Everyone was outside to watch them drive away. Everyone but me. I remained indoors until I knew they had gone. I didn't know how much longer I could hold up this façade of happy crying when all I wanted to do was retch and maybe hit something hard. Ultimately I wound up in the empty bathroom, standing in front of a sink and splashing water into my face as I cried pathetically. I'd never cried like this in my life, but it was all sinking in: Jane was happy, and it had nothing to do with me.
She'd told me getting married didn't change anything about our relationship. That's how unnecessary I had become to her: she didn't even realize how much our friendship had already been affected by Casey. While she was with him, I was usually alone. She and I didn't fall into conversation as easily. She wasn't available as frequently. I was no longer the first or only person she would tell things. There, again, was that surging envy to join the hurt and the despair within me as I envisioned her and Casey lying alone together at night. He saw her vulnerabilities. She opened up to him in ways that previously she had only done to me.
I did not hate Casey for it. I hated myself and my cowardice for missing my chance to exclusively remain that person for Jane, to be more to her than just a best friend.
I've no idea how long I was there before Angela came in.

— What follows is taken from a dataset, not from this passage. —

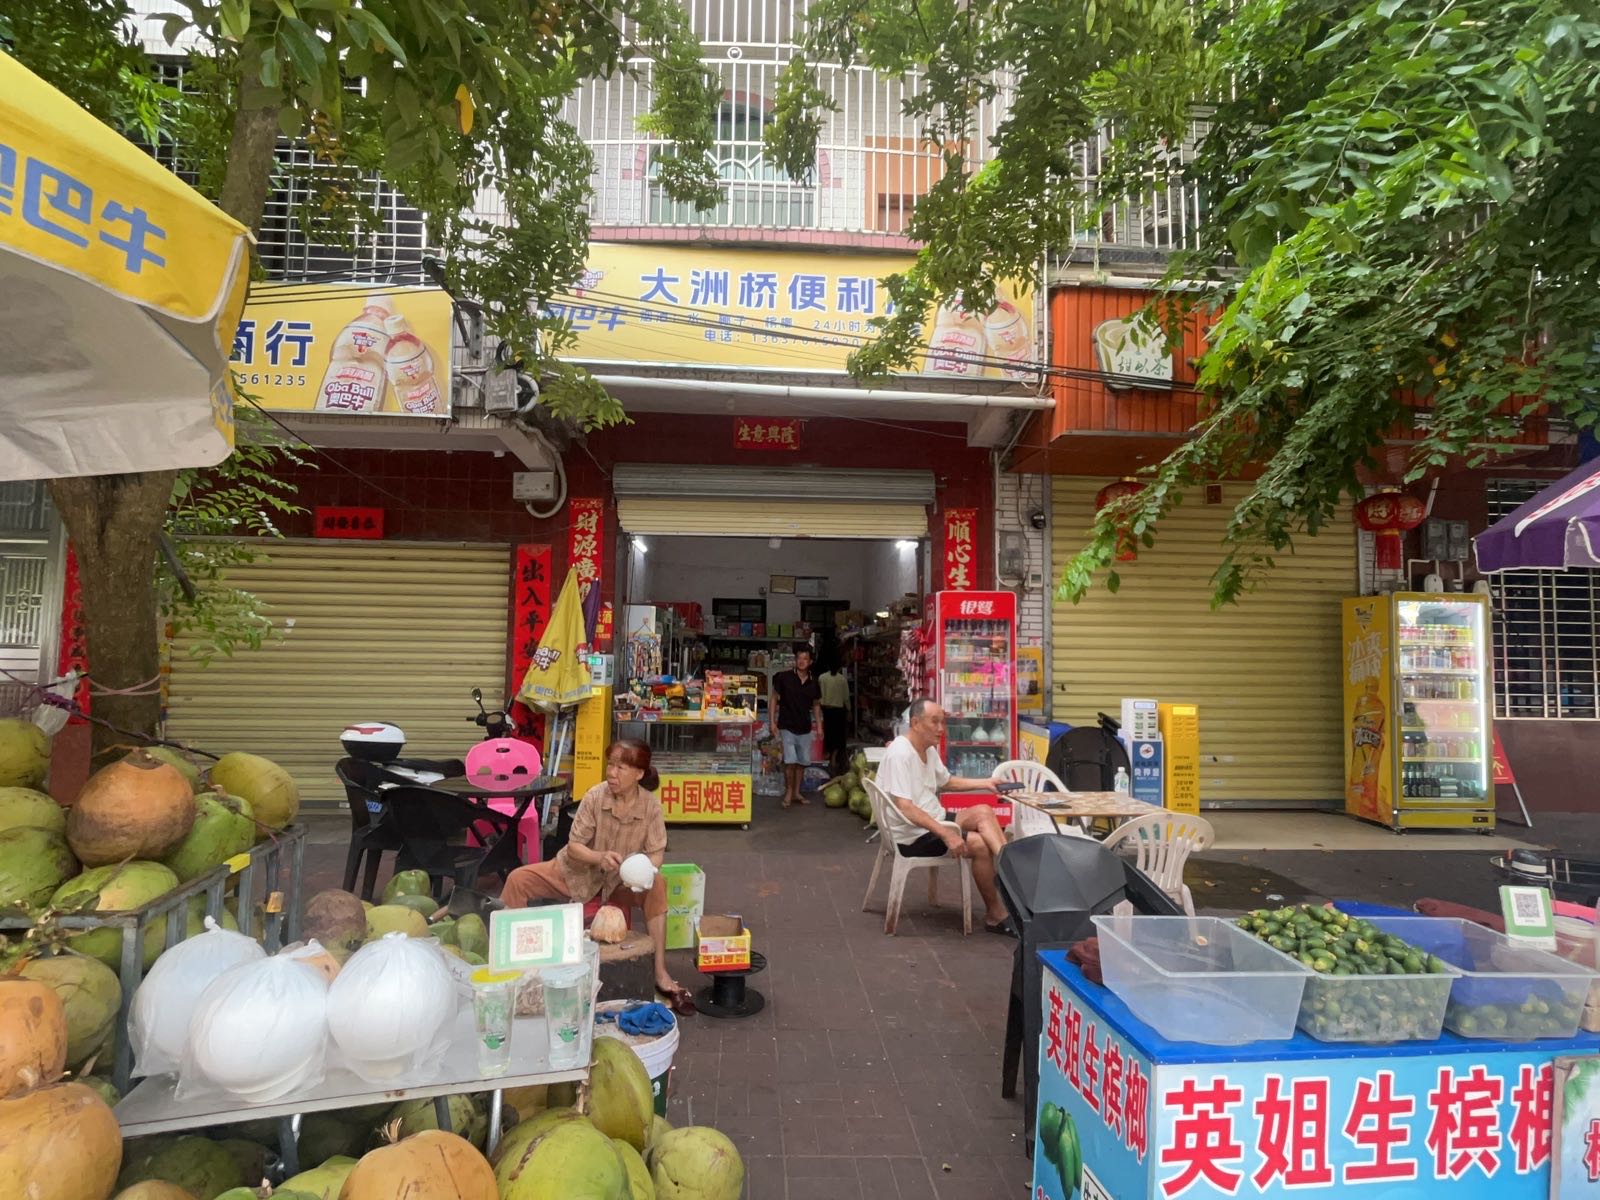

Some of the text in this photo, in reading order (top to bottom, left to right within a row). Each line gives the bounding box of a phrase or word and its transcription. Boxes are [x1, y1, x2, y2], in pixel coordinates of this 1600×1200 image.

"Oh, Maura! There you are. Big day, huh?" she sighed, looking tired but happy. By now I had finished crying, but could only summon the energy to nod before Angela gave me a consoling hug. "Aw, Maura, you know we love you, right? You're like another daughter to me, and I know Jane loves you like the sister she never had. You will always be part of our family, all right? Janie getting married doesn't change any of that."
"Thank you," I said, and I knew my voice was emotionless and flat. When I pulled myself out of Angela's arms, she was frowning slightly. "It's been a long day, hasn't it? I should probably get home…"
"Do you think you're all right to drive?" Angela asked.
I'm sure that legally I was, but it still wouldn't hurt to take precautions. "Perhaps I should take a cab."
"Don't be ridiculous, Maura, we'll take you home—"
I was already walking out of the bathroom, shaking my head. "No, no, that's all right."
"Sweetheart, let us—"
"No, thank you," I said a little more firmly. I forced a smile to try and let her know I was all right, but she did not look convinced. I walked out of the bathroom and took a side door out, not wanting any of the other Rizzoli's to try and offer me anything. This had been such a happy day for them all, and I didn't want them to be burdened by me or my sadness.
And besides…I'm used to being alone.